I like the book because it allows Jim to discuss his faith in God and his belief that God had a plan for him. "I consider myself very lucky,” Jim said. “God has a funny way of bringing some things around and knocking you in the head with the ultimate destination. Something I should have achieved quite easily took me a long time to get around to. It came in His time, not mine."

Sports were everything to Jim Morris growing up, but when sports were taken from him because of his injuries, he found a whole new world he’d never paid attention to. He found out he liked school and he was good at it. He had a knack for teaching and helping kids to understand and become interested in science.

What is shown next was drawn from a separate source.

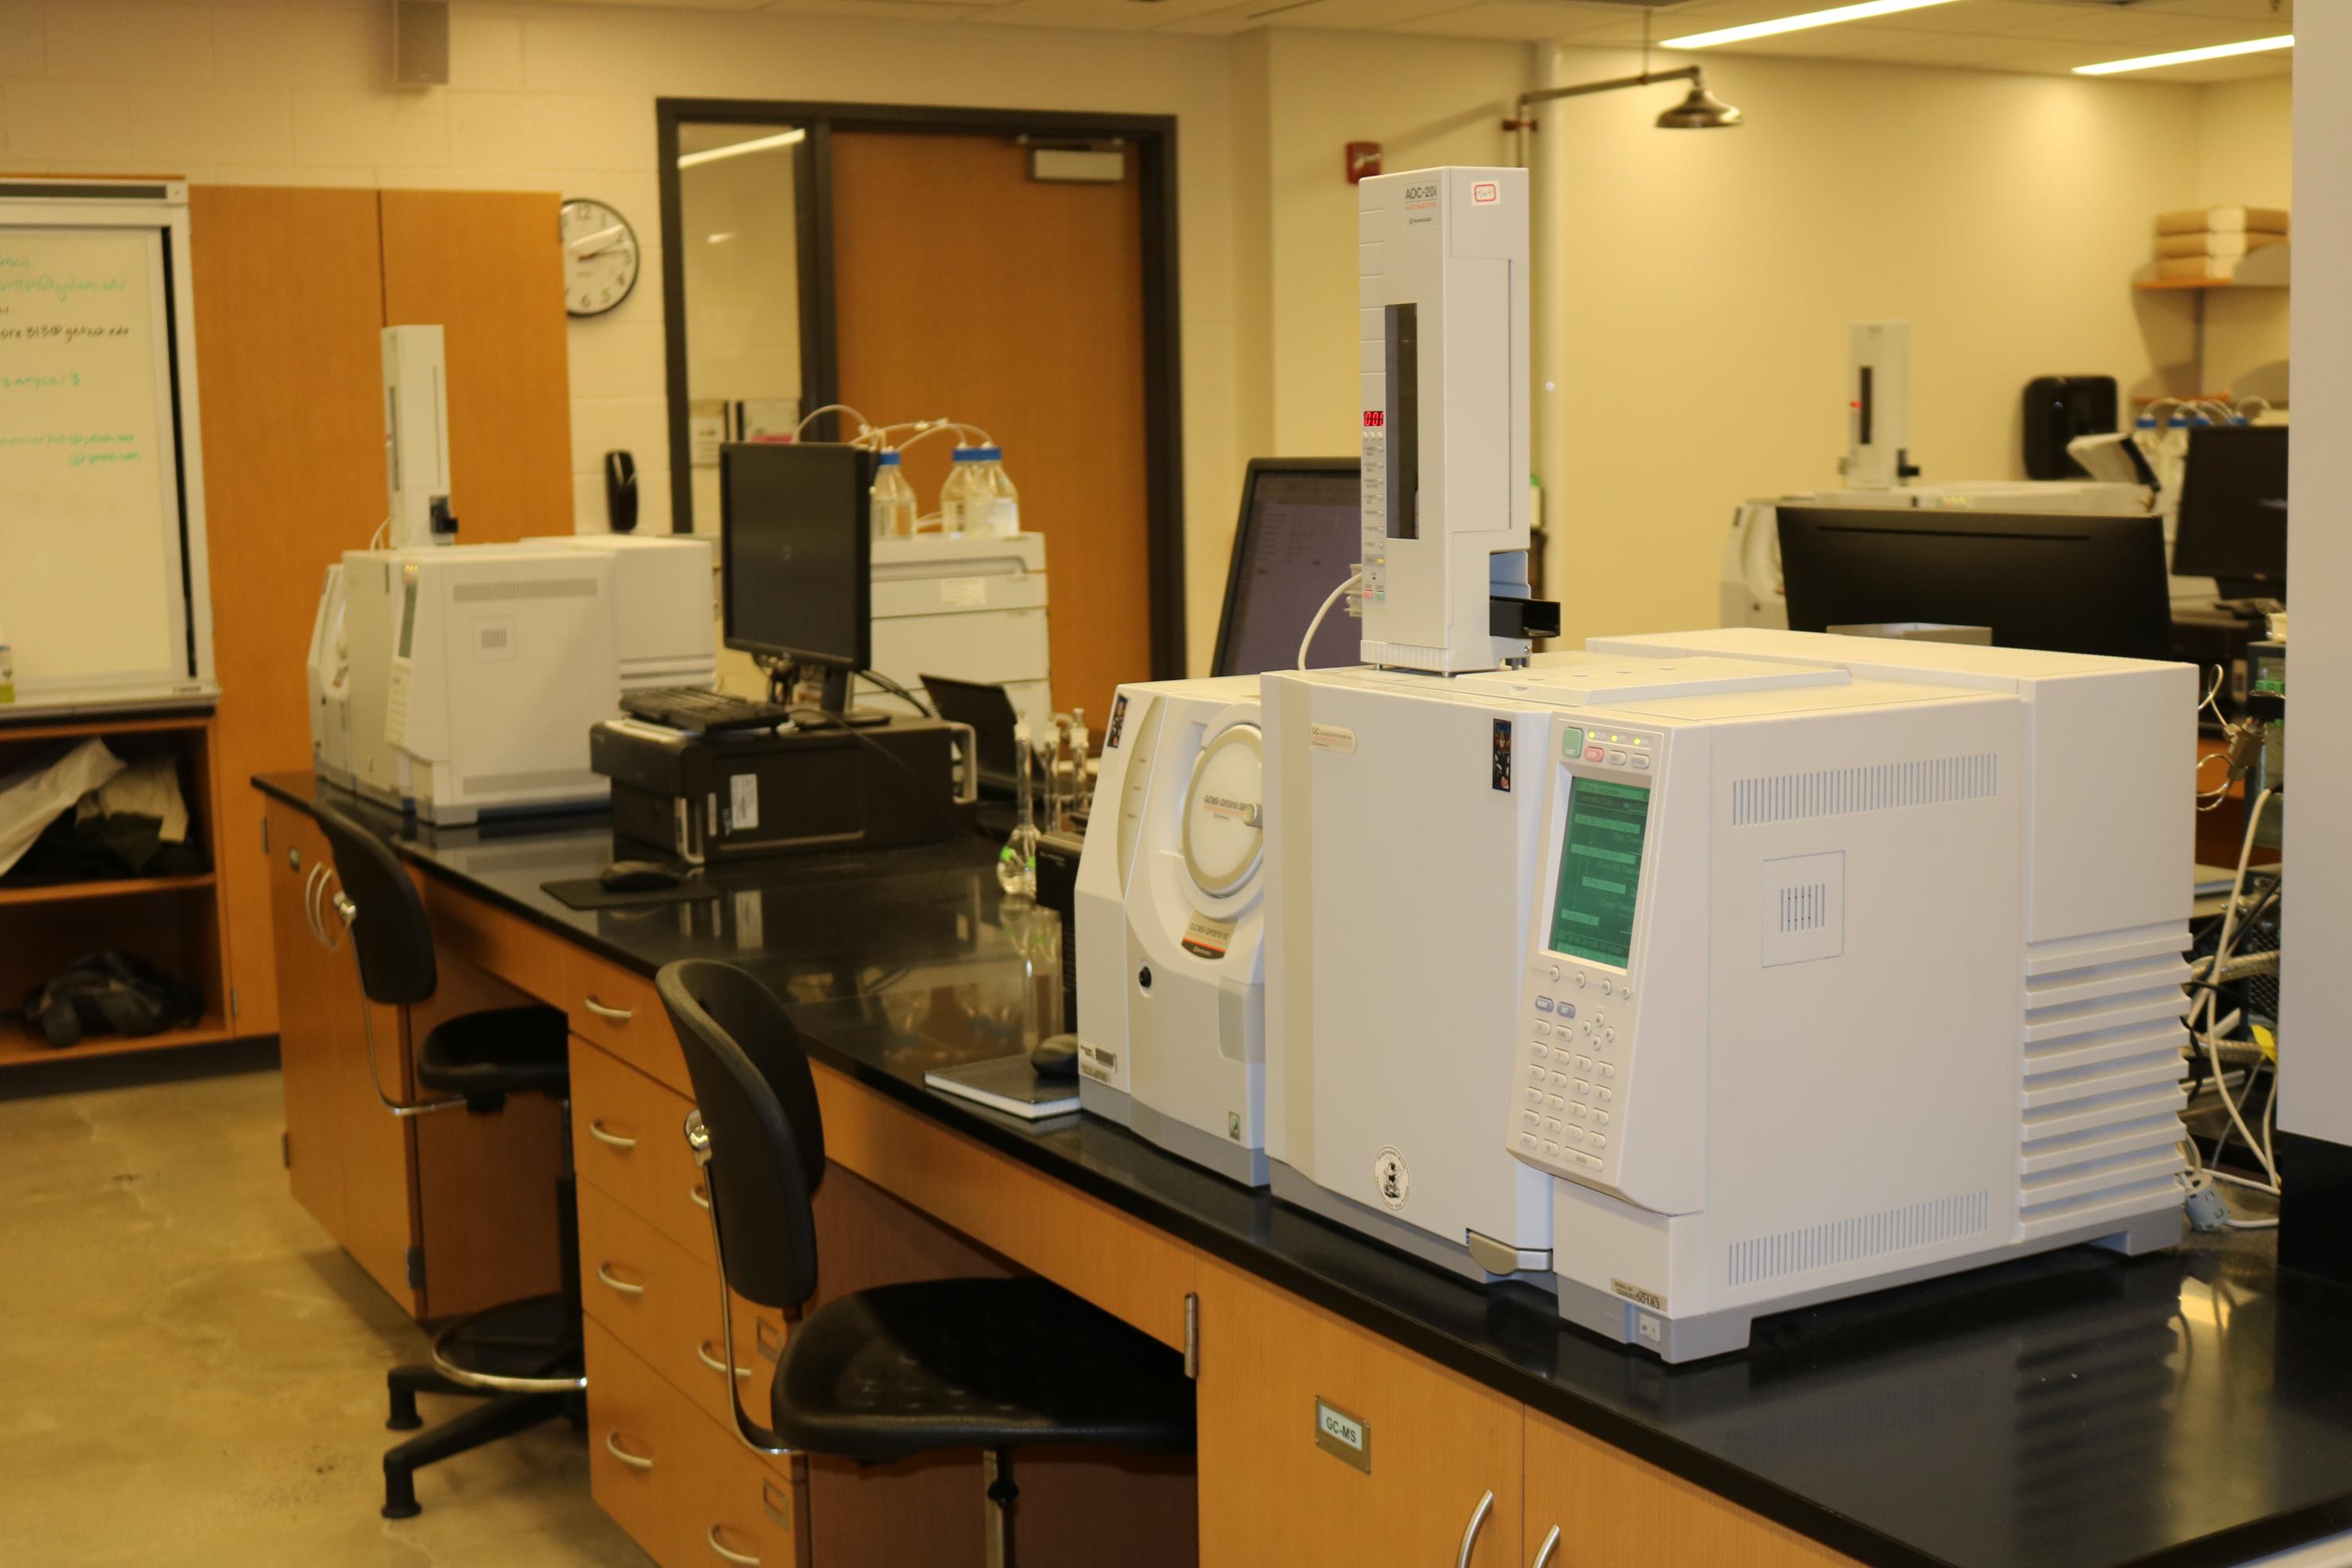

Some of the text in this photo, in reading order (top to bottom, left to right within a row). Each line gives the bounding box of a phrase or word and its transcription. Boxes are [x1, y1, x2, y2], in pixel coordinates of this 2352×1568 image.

A big part of Jim’s story is his relationship with his wife and their challenges. Part of those challenges came from his inability to communicate, but over time he learned how, painfully, and though a host of experiences, from his wife’s difficult pregnancies, to his own health problems, problems that actually helped him and his wife to grow closer although it seemed to add to the stress at the time.

I loved watching Jim get corralled into using his other talents, talents he didn’t know he had, as he began working with, first, people who were developmentally challenged and then youth considered at-risk. And then of course, there were the kids he coached. But baseball became something he did; it was a part of his life, not the whole of it.

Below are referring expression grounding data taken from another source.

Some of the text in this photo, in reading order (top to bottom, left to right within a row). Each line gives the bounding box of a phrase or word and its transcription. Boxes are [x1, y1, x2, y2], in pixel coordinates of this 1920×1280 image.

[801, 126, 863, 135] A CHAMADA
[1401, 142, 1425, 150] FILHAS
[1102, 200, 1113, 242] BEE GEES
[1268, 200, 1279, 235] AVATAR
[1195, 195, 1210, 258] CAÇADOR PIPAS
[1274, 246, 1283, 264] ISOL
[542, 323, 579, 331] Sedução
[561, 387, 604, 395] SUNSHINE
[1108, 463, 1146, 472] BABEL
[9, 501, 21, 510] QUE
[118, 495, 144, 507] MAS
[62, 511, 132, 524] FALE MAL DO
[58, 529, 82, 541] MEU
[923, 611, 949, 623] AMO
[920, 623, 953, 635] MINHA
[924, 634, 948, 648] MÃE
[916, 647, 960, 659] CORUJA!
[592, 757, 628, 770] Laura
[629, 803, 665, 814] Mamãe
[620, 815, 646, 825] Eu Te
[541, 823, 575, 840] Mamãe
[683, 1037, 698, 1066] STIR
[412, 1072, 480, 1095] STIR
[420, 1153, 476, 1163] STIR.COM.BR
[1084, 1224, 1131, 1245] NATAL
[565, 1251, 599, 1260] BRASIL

And that’s the point Jim makes about the movie. “It's not a baseball movie. It's a family-oriented movie. It entails relationships with high school kids and adults, adults and adults, adults with children. Baseball just happened to be the dream that I pursued."

I also loved watching the difference between his description of 23-year-old Jimmy Morris playing professional baseball and 35-year-old Jim Morris trying out and playing baseball. It reminded me of something Laurel Ulrich Thatcher said. (She’s one of the few, if only, Mormon women to win the Pulitzer Price for her book about a midwife in New England in the late 1700s.) She went back to school when she was older and although she was intimidated at first, felt out of place, felt too old, she said, in a paraphrase, there’s a big difference between a 21-year-old with a humanities degree and a 41-year-old with a humanities degree. That should comfort anyone who’s thinking about going back to school but feels “too old.”

To Jim, his story is about second chances. "I don't know if I want anybody to walk away from the movie thinking about me specifically," he said. "I do want them to walk away asking themselves, 'Well, if I get a second opportunity at something, I should walk through that door.'"

Although I believe in second changes and am grateful for them, to me Jim’s book is about a lot more. It’s about the learning that takes place along the way. It’s about growing up and getting smarter and wiser. And it’s about finding ourselves, happy, in places we didn’t know we were supposed to be.

1 comment:

Cheri J. Crane said...

Wonderful post, Val. This appears to be another case where the book is better than the movie. This definitely sounds like a book I would enjoy.